Without including any pictures, copy every line below exactly.

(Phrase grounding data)
§ §

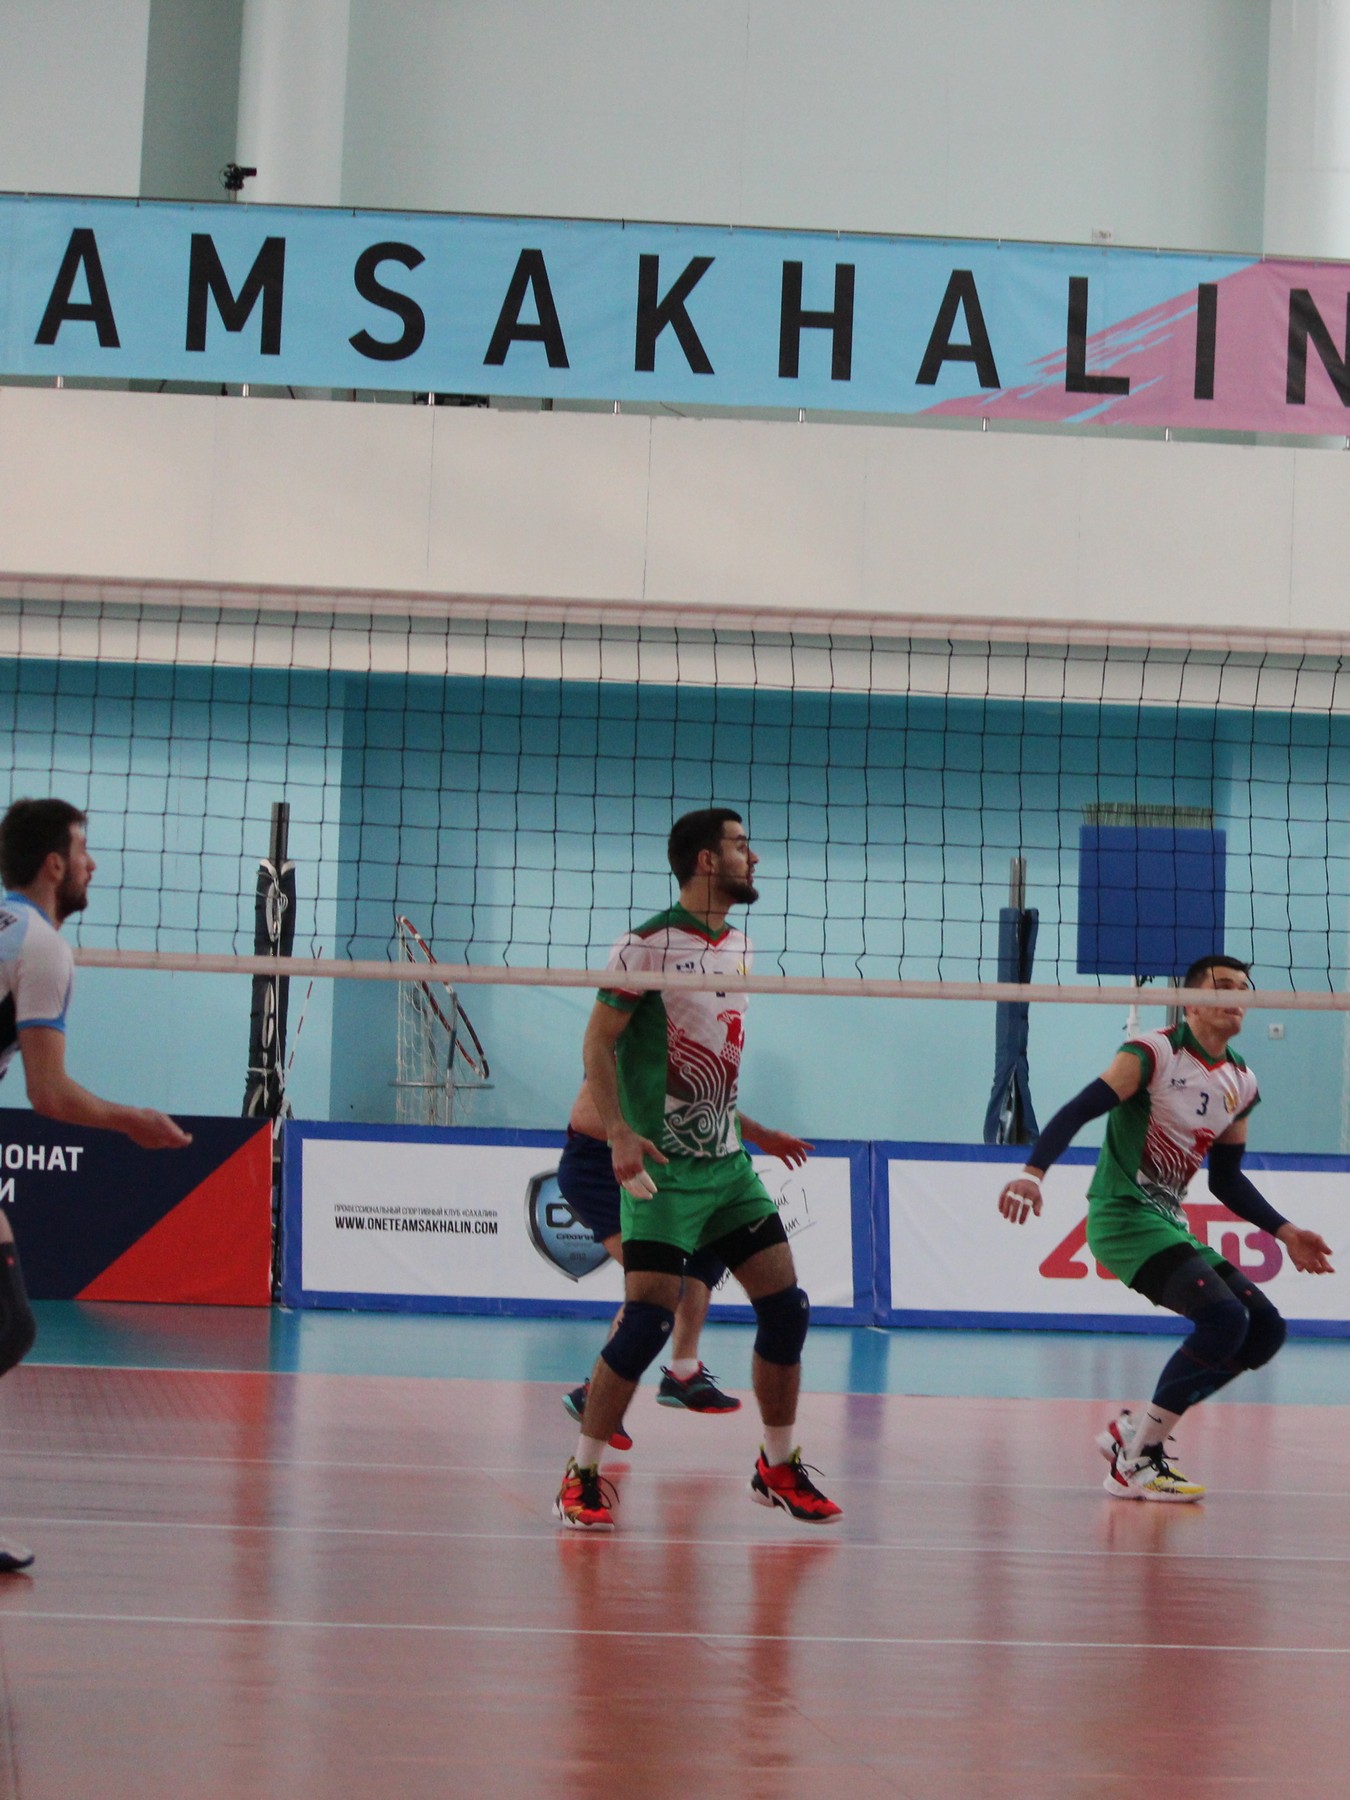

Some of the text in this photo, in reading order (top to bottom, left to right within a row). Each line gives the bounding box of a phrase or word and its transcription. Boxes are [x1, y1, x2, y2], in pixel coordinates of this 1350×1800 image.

[1196, 1091, 1210, 1116] 3
[0, 1143, 84, 1171] ОНАТ
[334, 1204, 401, 1215] ПРОФЕССИОНАЛЬНЫЙ
[402, 1207, 443, 1216] СПОРТИВНЫЙ
[444, 1208, 461, 1217] КЛУБ
[335, 1216, 498, 1234] WWW.ONETEAMSAKHALIN.COM
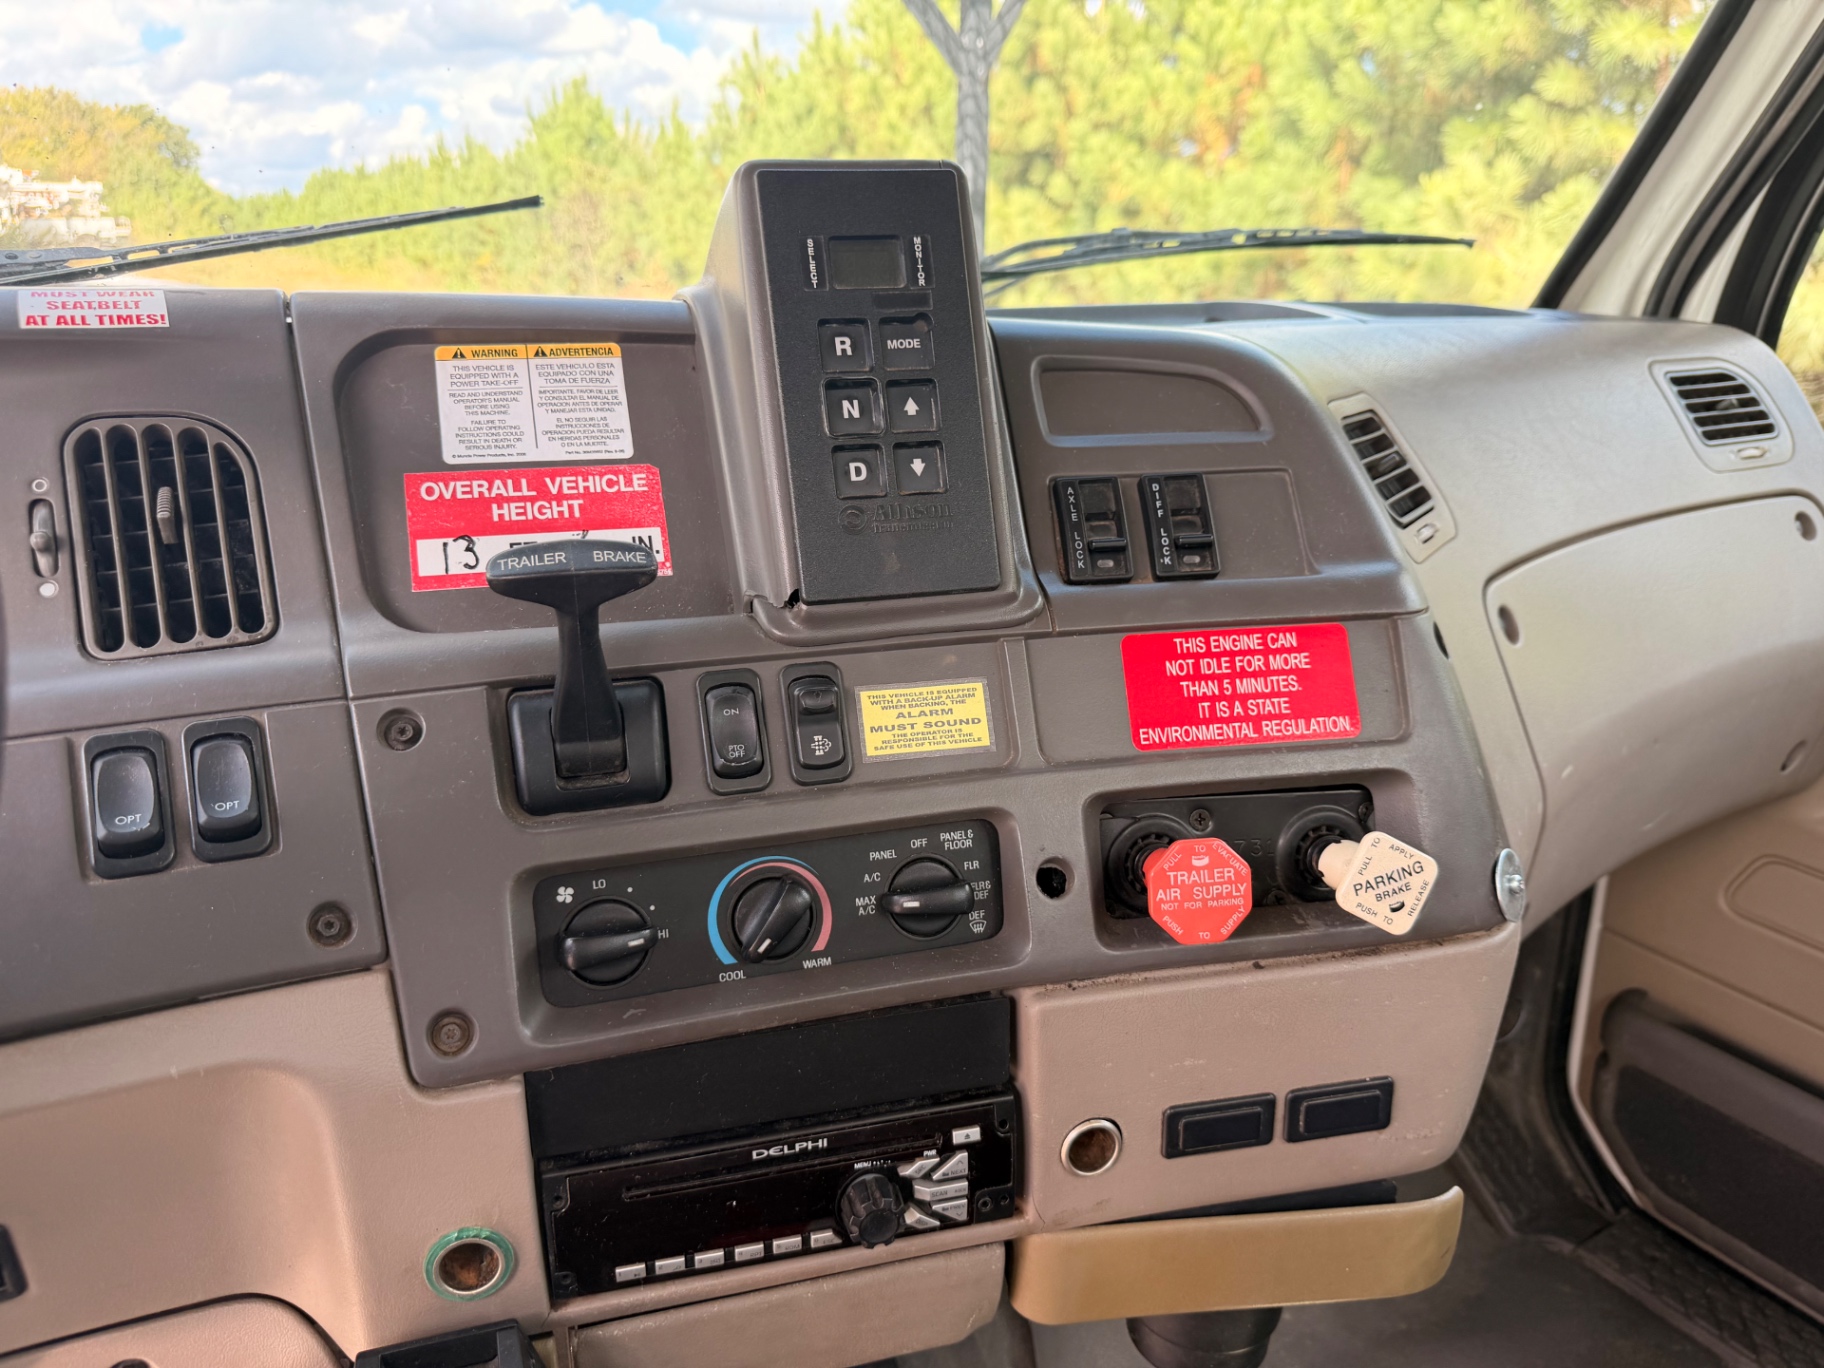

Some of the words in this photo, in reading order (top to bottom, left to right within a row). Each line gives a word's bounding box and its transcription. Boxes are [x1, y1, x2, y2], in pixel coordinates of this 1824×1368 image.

[806, 238, 818, 288] SELECT
[914, 236, 926, 286] MONITOR
[46, 300, 142, 310] SEATBELT
[25, 314, 50, 326] AT
[56, 314, 90, 326] ALL
[95, 314, 167, 326] TIMES!
[549, 348, 614, 356] ADVERTENCIA
[834, 336, 852, 356] R
[887, 339, 921, 350] MODE
[471, 350, 518, 358] WARNING
[842, 400, 860, 420] N
[849, 463, 868, 482] D
[420, 478, 537, 501] OVERALL
[544, 474, 649, 495] VEHICLE
[492, 500, 584, 522] HEIGHT
[1067, 486, 1078, 522] AXLE
[1074, 532, 1085, 568] LOCK
[1152, 484, 1164, 518] DIFF
[1160, 528, 1172, 565] LOCK
[442, 534, 480, 574] 13
[497, 552, 566, 571] TRAILER
[593, 550, 646, 564] BRAKE
[1173, 638, 1206, 654] THIS
[1210, 634, 1263, 652] ENGINE
[1267, 632, 1297, 648] CAN
[1166, 660, 1194, 676] NOT
[1200, 658, 1232, 674] IDLE
[1235, 655, 1266, 672] FOR
[1269, 653, 1311, 670] MORE
[1180, 680, 1219, 698] THAN
[1224, 680, 1232, 695] 5
[1236, 676, 1302, 694] MINUTES.
[896, 708, 954, 720] ALARM
[1198, 702, 1210, 718] IT
[1216, 702, 1230, 718] IS
[1234, 701, 1244, 716] A
[1248, 698, 1290, 716] STATE
[870, 722, 918, 734] MUST
[924, 718, 982, 729] SOUND
[1139, 722, 1258, 744] ENVIRONMENTAL
[1262, 716, 1354, 736] REGULATION.
[882, 736, 938, 744] RESPONSIBLE
[214, 800, 240, 811] OPT
[115, 813, 142, 825] OPT
[910, 838, 928, 848] OFF
[940, 830, 966, 842] PANEL
[968, 829, 974, 838] &
[944, 839, 972, 850] FLOOR
[870, 849, 897, 861] PANEL
[1163, 852, 1182, 870] PULL
[1212, 842, 1248, 876] EVACUATE
[1358, 856, 1372, 876] PULL
[1371, 838, 1380, 848] TO
[1389, 844, 1414, 860] APPLY
[964, 860, 980, 870] FLR
[592, 879, 606, 890] LO
[864, 872, 880, 882] A/C
[1166, 868, 1234, 886] TRAILER
[1353, 860, 1424, 896] PARKING
[974, 890, 988, 900] DEF
[1156, 888, 1180, 902] AIR
[1193, 882, 1246, 900] SUPPLY
[1375, 882, 1412, 902] BRAKE
[856, 896, 876, 906] MAX
[1208, 898, 1244, 908] PARKING
[1356, 902, 1378, 918] PUSH
[1382, 916, 1394, 925] TO
[1408, 880, 1430, 916] RELEASE
[858, 905, 876, 916] A/C
[969, 910, 985, 920] DEF
[1163, 916, 1184, 935] PUSH
[1220, 906, 1246, 934] SUPPLY
[658, 929, 669, 940] HI
[802, 956, 832, 970] WARM
[718, 969, 746, 982] COOL
[752, 1138, 828, 1160] DELPHI
[854, 1161, 872, 1169] MENU
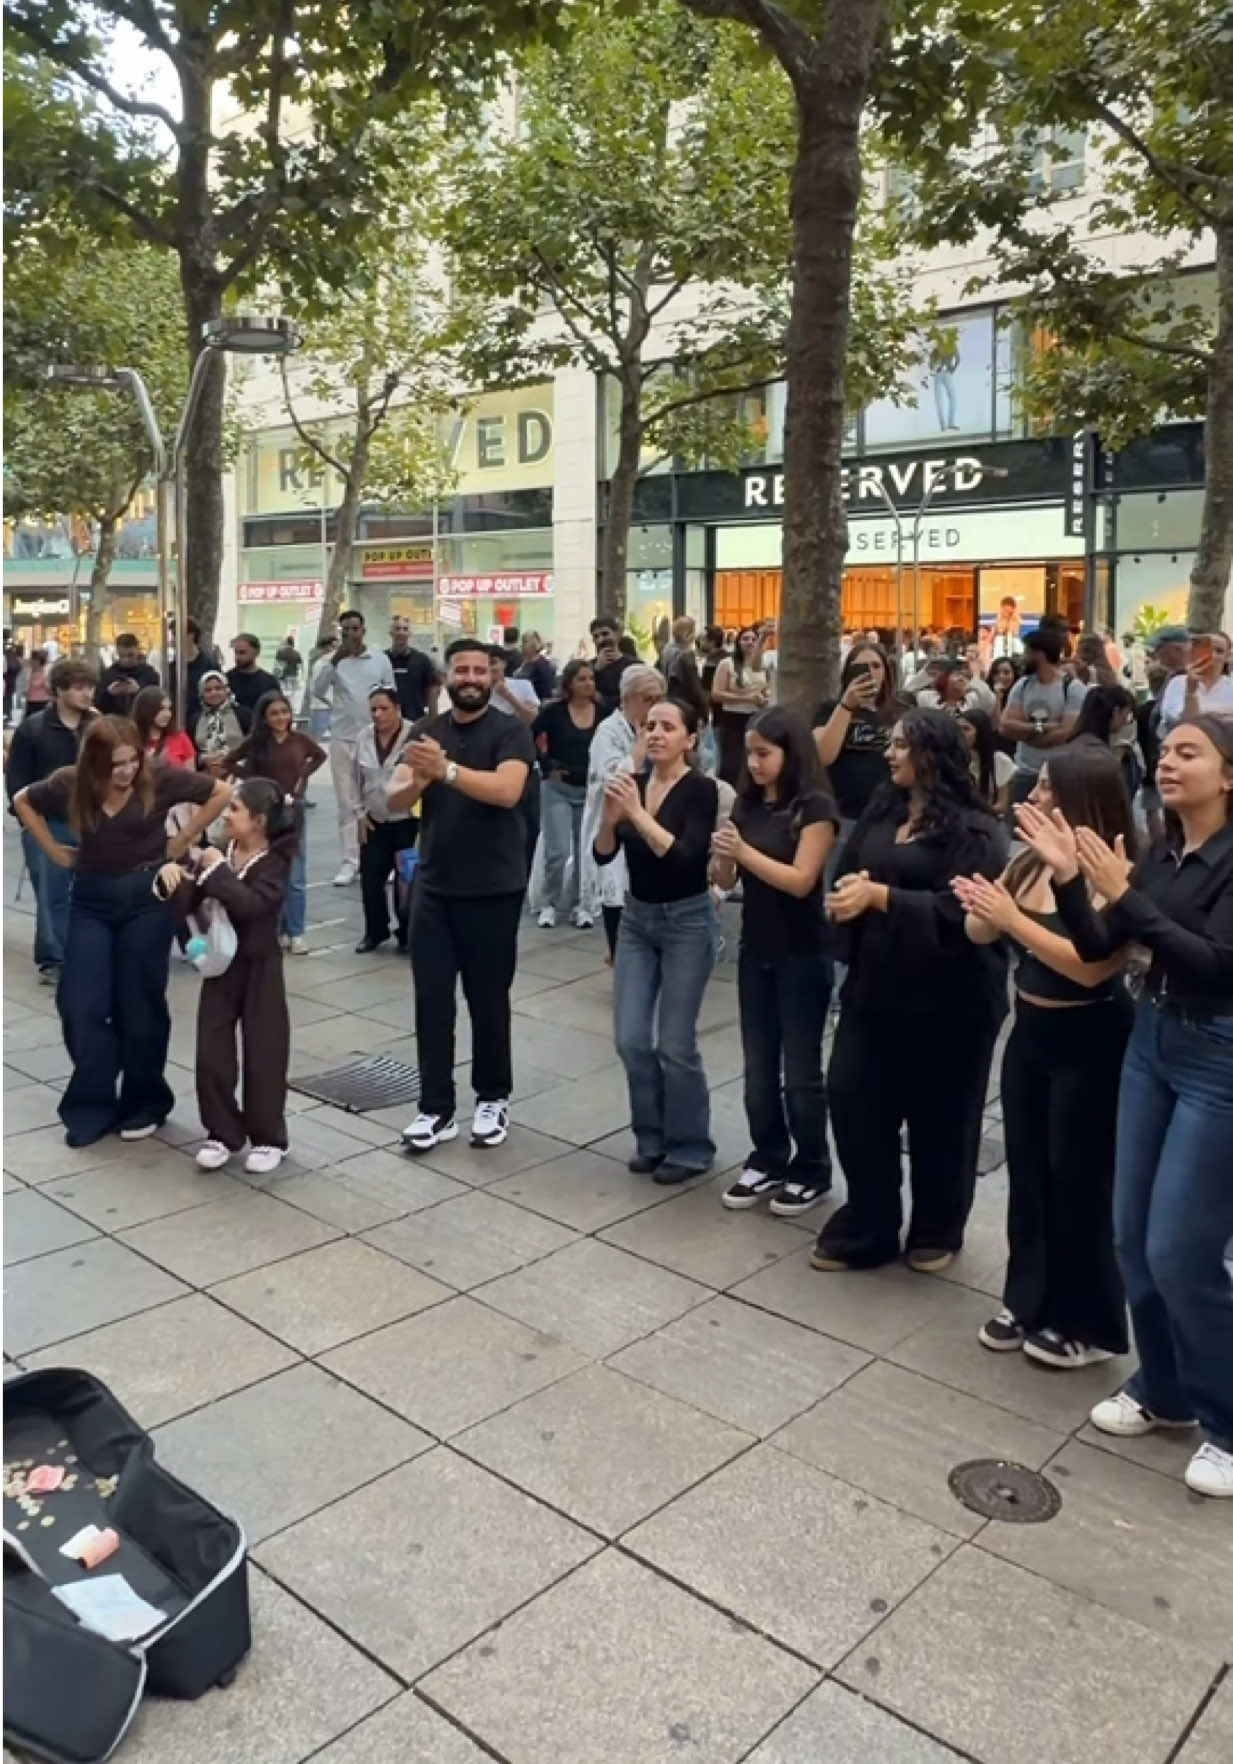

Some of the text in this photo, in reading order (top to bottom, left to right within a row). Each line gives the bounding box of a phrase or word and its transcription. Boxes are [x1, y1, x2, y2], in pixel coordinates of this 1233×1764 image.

§ §

Answer space:
Some of the text in this photo, in reading order (top to bottom, left to right within a row). Each line gives the bounding box of a phrase or word and its transcription. Boxes are [x1, y1, x2, y2], in pixel coordinates of this 1350×1800 image.

[1196, 1091, 1210, 1116] 3
[0, 1143, 84, 1171] ОНАТ
[334, 1204, 401, 1215] ПРОФЕССИОНАЛЬНЫЙ
[402, 1207, 443, 1216] СПОРТИВНЫЙ
[444, 1208, 461, 1217] КЛУБ
[335, 1216, 498, 1234] WWW.ONETEAMSAKHALIN.COM

Some of the words in this photo, in reading order (top to bottom, left to right within a row). Each line gives a word's bounding box and its transcription. Boxes are [x1, y1, x2, y2], in pixel coordinates of this 1824×1368 image.

[806, 238, 818, 288] SELECT
[914, 236, 926, 286] MONITOR
[46, 300, 142, 310] SEATBELT
[25, 314, 50, 326] AT
[56, 314, 90, 326] ALL
[95, 314, 167, 326] TIMES!
[549, 348, 614, 356] ADVERTENCIA
[834, 336, 852, 356] R
[887, 339, 921, 350] MODE
[471, 350, 518, 358] WARNING
[842, 400, 860, 420] N
[849, 463, 868, 482] D
[420, 478, 537, 501] OVERALL
[544, 474, 649, 495] VEHICLE
[492, 500, 584, 522] HEIGHT
[1067, 486, 1078, 522] AXLE
[1074, 532, 1085, 568] LOCK
[1152, 484, 1164, 518] DIFF
[1160, 528, 1172, 565] LOCK
[442, 534, 480, 574] 13
[497, 552, 566, 571] TRAILER
[593, 550, 646, 564] BRAKE
[1173, 638, 1206, 654] THIS
[1210, 634, 1263, 652] ENGINE
[1267, 632, 1297, 648] CAN
[1166, 660, 1194, 676] NOT
[1200, 658, 1232, 674] IDLE
[1235, 655, 1266, 672] FOR
[1269, 653, 1311, 670] MORE
[1180, 680, 1219, 698] THAN
[1224, 680, 1232, 695] 5
[1236, 676, 1302, 694] MINUTES.
[896, 708, 954, 720] ALARM
[1198, 702, 1210, 718] IT
[1216, 702, 1230, 718] IS
[1234, 701, 1244, 716] A
[1248, 698, 1290, 716] STATE
[870, 722, 918, 734] MUST
[924, 718, 982, 729] SOUND
[1139, 722, 1258, 744] ENVIRONMENTAL
[1262, 716, 1354, 736] REGULATION.
[882, 736, 938, 744] RESPONSIBLE
[214, 800, 240, 811] OPT
[115, 813, 142, 825] OPT
[910, 838, 928, 848] OFF
[940, 830, 966, 842] PANEL
[968, 829, 974, 838] &
[944, 839, 972, 850] FLOOR
[870, 849, 897, 861] PANEL
[1163, 852, 1182, 870] PULL
[1212, 842, 1248, 876] EVACUATE
[1358, 856, 1372, 876] PULL
[1371, 838, 1380, 848] TO
[1389, 844, 1414, 860] APPLY
[964, 860, 980, 870] FLR
[592, 879, 606, 890] LO
[864, 872, 880, 882] A/C
[1166, 868, 1234, 886] TRAILER
[1353, 860, 1424, 896] PARKING
[974, 890, 988, 900] DEF
[1156, 888, 1180, 902] AIR
[1193, 882, 1246, 900] SUPPLY
[1375, 882, 1412, 902] BRAKE
[856, 896, 876, 906] MAX
[1208, 898, 1244, 908] PARKING
[1356, 902, 1378, 918] PUSH
[1382, 916, 1394, 925] TO
[1408, 880, 1430, 916] RELEASE
[858, 905, 876, 916] A/C
[969, 910, 985, 920] DEF
[1163, 916, 1184, 935] PUSH
[1220, 906, 1246, 934] SUPPLY
[658, 929, 669, 940] HI
[802, 956, 832, 970] WARM
[718, 969, 746, 982] COOL
[752, 1138, 828, 1160] DELPHI
[854, 1161, 872, 1169] MENU

Some of the text in this photo, in reading order (top to bottom, left to right within a row). Each line gives the bounding box of a phrase or word and its transcription. Boxes are [x1, y1, x2, y2], in pixel coordinates of this 1233×1764 image.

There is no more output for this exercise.